Pressure Takes Toll On Jags, Pats advance to Another Superbowl

This was the game viewers were able to sink their teeth into from start to finish. When the Jaguars took a quick 14-0 lead, NFL fans across the nation glued their eyes to their TV sets in anticipation to see if the Jaguars actually could pull out one of the biggest upsets in NFL postseason history.

While many were disappointed with the final result, the 9.5 point underdogs didn’t buy into the ‘Patriots in Foxboro,’ intimidation, and held the lead into the late 4th quarter.

In the end, the Jaguars were the Jaguars.
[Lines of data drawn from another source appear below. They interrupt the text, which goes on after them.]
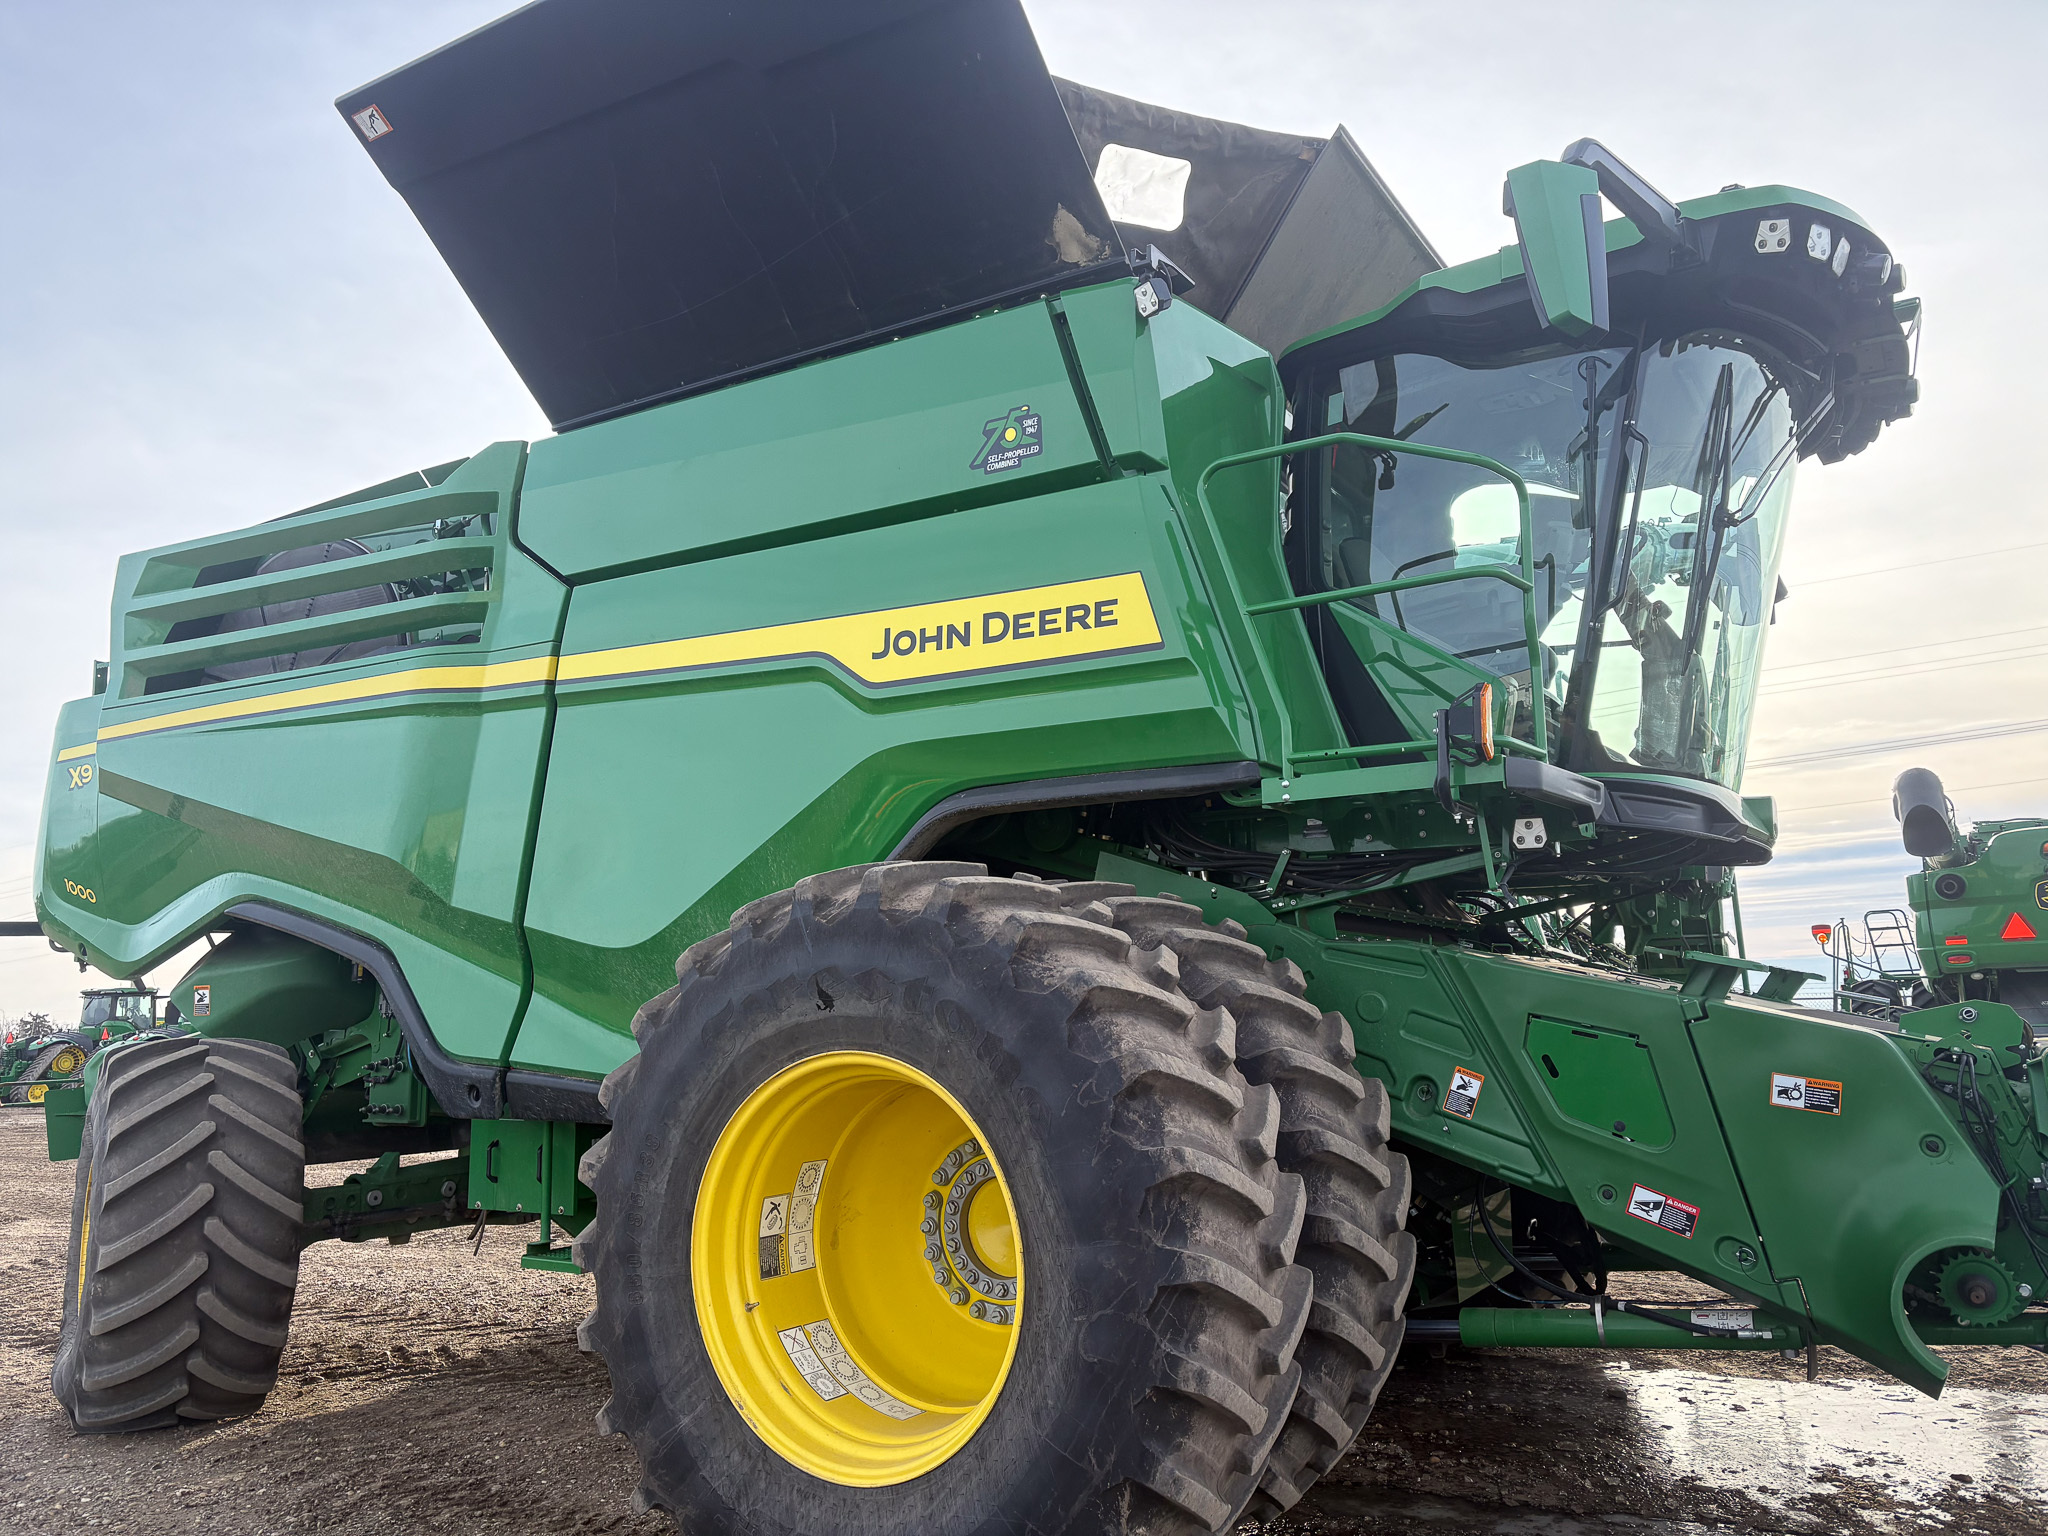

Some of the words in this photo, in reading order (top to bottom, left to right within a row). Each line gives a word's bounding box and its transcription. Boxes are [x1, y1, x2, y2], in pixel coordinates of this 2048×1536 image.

[1022, 417, 1039, 428] SINCE
[1025, 426, 1038, 435] 1947
[987, 445, 1039, 463] SELF-PROPELLED
[986, 458, 1018, 472] COMBINES
[872, 621, 971, 660] JOHN
[982, 598, 1119, 644] DEERE
[68, 764, 93, 791] X9
[63, 877, 97, 904] 1000
[1462, 1069, 1482, 1081] WARNING
[1812, 1080, 1840, 1089] WARNING
[1673, 1201, 1698, 1214] DANGER
[779, 1243, 787, 1275] CAUTION
Bortles proved he couldn’t perform under pressure, as the Jags had multiple opportunities to put the game away late, and failed to do so.
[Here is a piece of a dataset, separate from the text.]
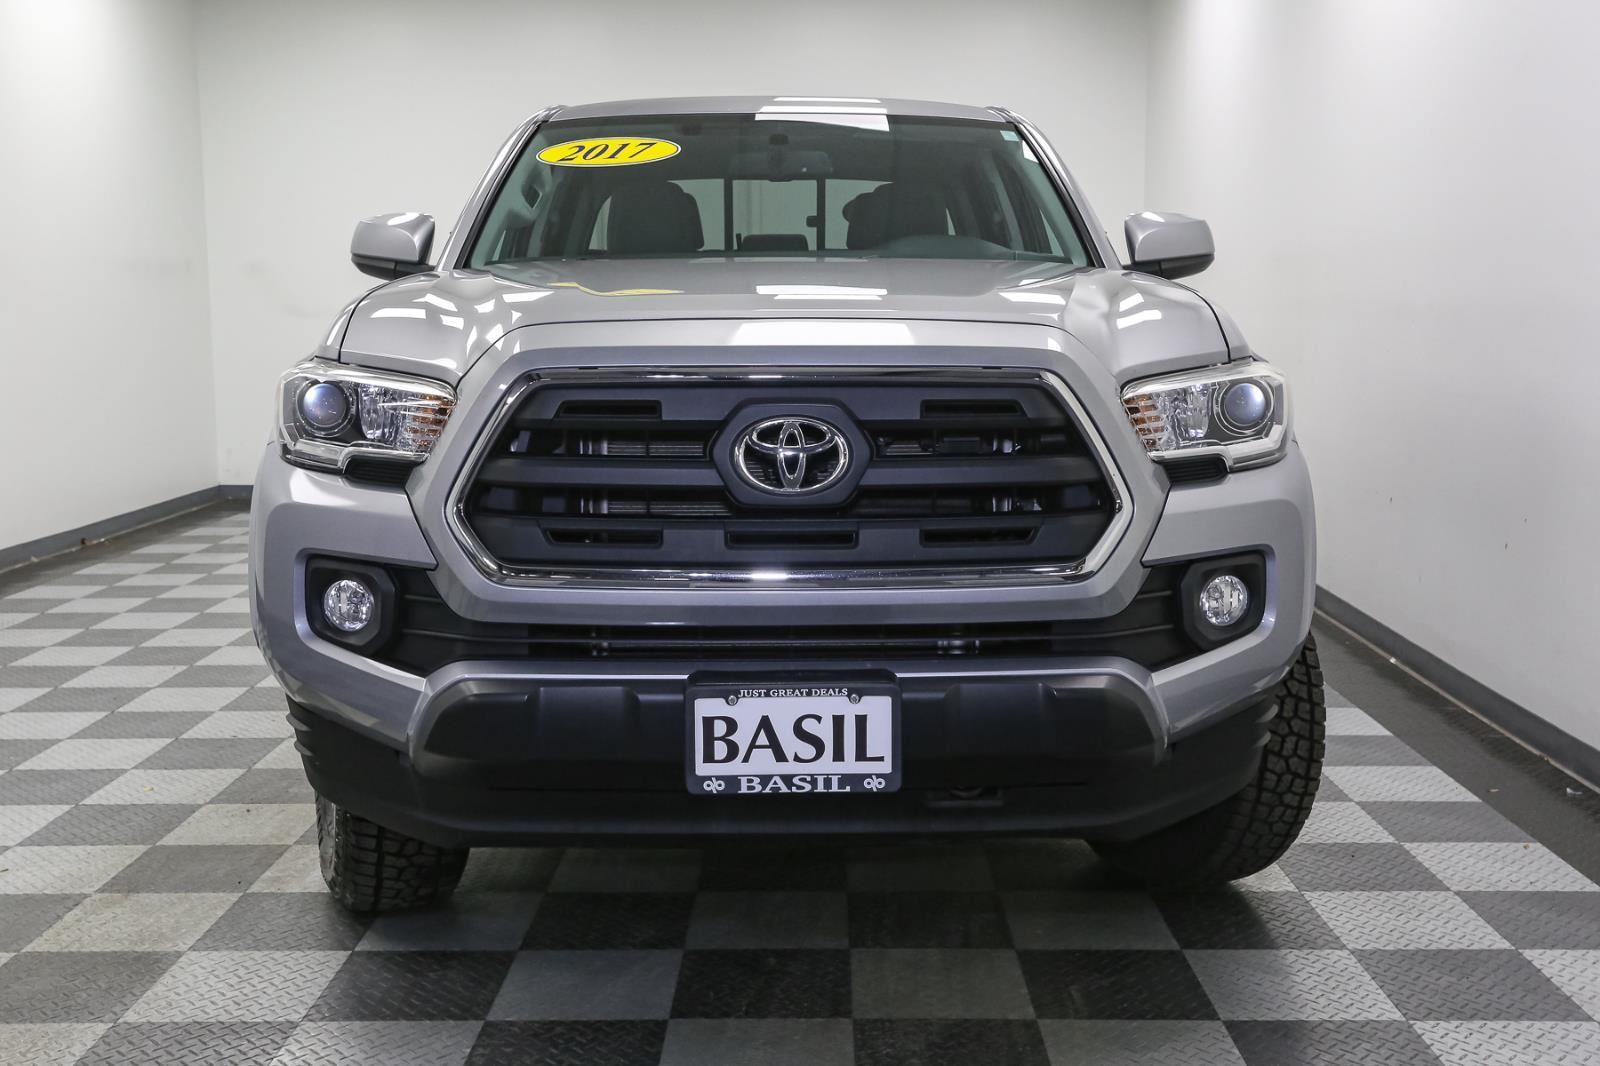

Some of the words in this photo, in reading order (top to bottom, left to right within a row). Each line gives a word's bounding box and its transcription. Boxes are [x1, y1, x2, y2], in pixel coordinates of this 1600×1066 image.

So what went wrong? Why couldn’t this defensive dominant team hold on to a 14 point lead? There are two aspects that need to be highlighted.
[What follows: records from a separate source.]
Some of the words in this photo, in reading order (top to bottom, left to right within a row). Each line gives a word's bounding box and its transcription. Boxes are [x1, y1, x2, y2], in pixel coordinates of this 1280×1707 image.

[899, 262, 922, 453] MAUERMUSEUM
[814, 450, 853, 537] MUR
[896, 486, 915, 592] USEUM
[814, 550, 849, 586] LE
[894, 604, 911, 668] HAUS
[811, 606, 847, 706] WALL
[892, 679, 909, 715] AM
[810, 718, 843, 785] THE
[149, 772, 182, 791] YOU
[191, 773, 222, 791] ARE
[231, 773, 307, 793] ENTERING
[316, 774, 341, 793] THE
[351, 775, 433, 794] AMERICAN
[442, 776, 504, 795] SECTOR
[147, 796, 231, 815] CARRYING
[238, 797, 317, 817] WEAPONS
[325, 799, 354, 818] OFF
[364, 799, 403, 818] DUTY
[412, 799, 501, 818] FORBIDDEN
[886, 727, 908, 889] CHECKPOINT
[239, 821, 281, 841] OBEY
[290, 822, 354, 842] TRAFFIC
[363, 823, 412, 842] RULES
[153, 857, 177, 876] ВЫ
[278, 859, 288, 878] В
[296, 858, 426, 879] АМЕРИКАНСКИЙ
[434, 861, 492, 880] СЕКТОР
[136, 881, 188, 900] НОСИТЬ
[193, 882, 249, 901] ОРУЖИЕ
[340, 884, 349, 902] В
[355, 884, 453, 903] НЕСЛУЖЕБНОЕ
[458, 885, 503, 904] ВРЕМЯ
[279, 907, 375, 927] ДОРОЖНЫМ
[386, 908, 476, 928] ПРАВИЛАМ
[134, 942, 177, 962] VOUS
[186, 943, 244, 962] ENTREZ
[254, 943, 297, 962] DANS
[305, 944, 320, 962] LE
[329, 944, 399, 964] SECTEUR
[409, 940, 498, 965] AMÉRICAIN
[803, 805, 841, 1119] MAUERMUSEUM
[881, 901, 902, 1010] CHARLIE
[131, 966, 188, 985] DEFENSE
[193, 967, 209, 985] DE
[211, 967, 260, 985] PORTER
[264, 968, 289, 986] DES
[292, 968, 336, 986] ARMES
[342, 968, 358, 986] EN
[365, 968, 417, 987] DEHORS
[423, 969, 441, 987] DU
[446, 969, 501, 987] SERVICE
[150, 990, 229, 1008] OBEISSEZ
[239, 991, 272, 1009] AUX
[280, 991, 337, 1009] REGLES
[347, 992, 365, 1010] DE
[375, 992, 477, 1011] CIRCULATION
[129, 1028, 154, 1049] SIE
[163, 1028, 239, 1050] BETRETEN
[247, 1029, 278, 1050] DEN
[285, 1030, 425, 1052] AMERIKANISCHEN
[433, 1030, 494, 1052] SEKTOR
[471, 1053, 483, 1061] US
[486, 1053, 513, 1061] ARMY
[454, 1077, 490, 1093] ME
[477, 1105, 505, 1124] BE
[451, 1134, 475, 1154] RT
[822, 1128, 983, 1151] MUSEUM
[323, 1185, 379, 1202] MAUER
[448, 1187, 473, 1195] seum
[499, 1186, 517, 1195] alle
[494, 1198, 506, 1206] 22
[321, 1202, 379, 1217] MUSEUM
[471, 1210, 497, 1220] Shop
1. 60 Minutes of Perfection
– Any team should know when playing a playoff game on the road against the Patriots, you need to be perfect. You need to be perfect for the entire 60 minutes on both sides of the ball. The Jaguars stole the momentum early, and rather than never looking back, they let the top seeded Pats stick around in their home building. That usually leads to bad things.
The fact that the penalties were lopsided is a perfect example of why you need 60 minutes of perfection. You can complain all you want, you knew coming into this game there was a distinct possibility of New England getting most of the calls, and if you didn’t, that was your ignorant, and naive mistake.

2. Change Of Gameplan
– The Jaguars moved the ball well in the first three quarters because they played their style of football. They played a ground, and pound with Fournette, and when needed, check downs for a few yards here, and there. Thats how this offense is built. In the 4th, rather than sticking with their gameplan, they played into New England’s. New England put everyone in the box, so the Jags strayed away from their original plan, & attempted to look down field. A great example is on a 2nd & 10 in the 4th, rather than attempt to eat up clock, or a check down for a few yards, Bortles looked downfield into double coverage, and the incompletion lead to a 3rd & 10 deep in their own territory. They then ran a check down for 3 or 4 yards, and were forced to punt (which lead to New England’s eventual game-winning drive).
If Jacksonville really stuck with their plan, they would have ran the check down on 2nd down, made 3rd down more manageable, and then you give yourself numerous options on a 3rd & 5 or 6. This is just a notable example that lead to their eventual demise.

On the contrary, the Pats straight up outplayed the Jaguars in the 4th quarter, and because the game was still in reach, Brady and company took advantage of an inexperienced Jaguars team.